Singer porsche custom 911 reimagination high angle driving action wide
DW Burnett

I’ve tested some 911s reimagined by Singer and poked around dozens more, and the details always delight. With all-wheel-drive cars, Singer replaces the stock 964 front-axle equipment—differential, driveshafts, and so on—with 993-generation Porsche hardware, then adds dozens of other tweaks to help the car respond and work. Combined with the company’s various cosmetic and driveline updates, the result is a piece of jewelry with incredible feel and raucous intake honk. Jewelry you can hammer at a track day or slog through traffic—simply a car, reliable and comfortable, cold air and great seats, designed to be used.

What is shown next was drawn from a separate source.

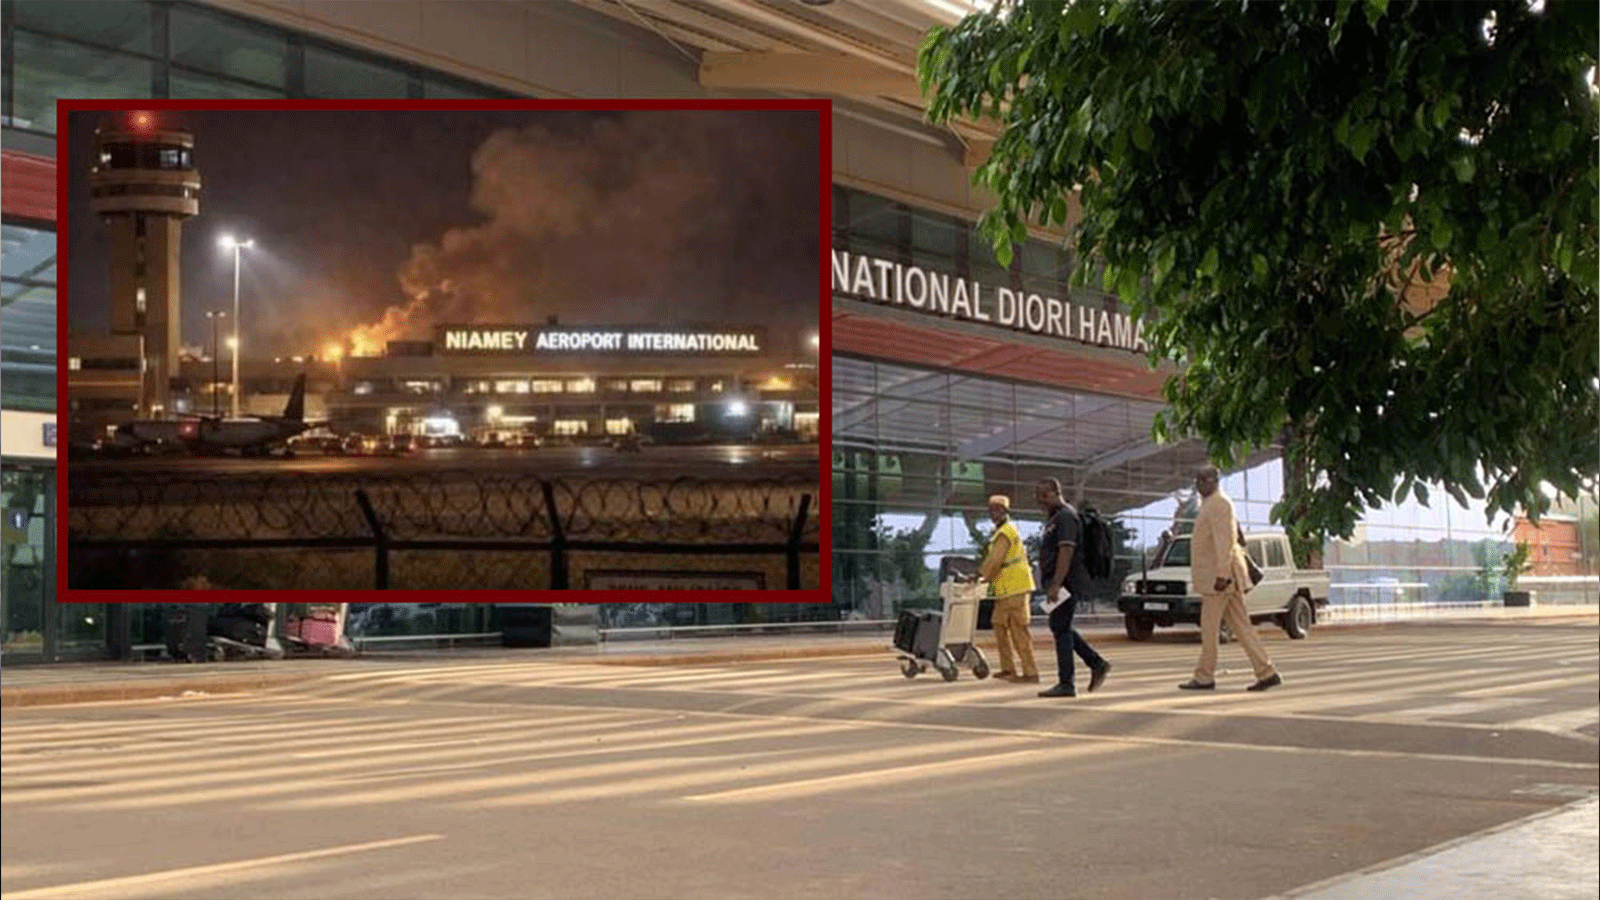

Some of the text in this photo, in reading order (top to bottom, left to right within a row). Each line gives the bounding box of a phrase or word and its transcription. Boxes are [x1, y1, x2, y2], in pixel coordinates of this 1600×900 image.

[832, 249, 1158, 352] NATIONAL DIORI HAMA
[445, 331, 759, 351] NIAMEY AEROPORT INTERNATIONAL

These cars, in this form, are worth every penny Dickinson asks. The catch is how that price draws a specific customer; you have to be quite successful to afford a machine of this value, and success often means a life with little free time. Some owners sell their cars after a year or two and only a smattering of miles. Which means they never see the magic.

Shame. Every Porsche 911 was built to move, after all. Dickinson’s just happen to be far better at it than most.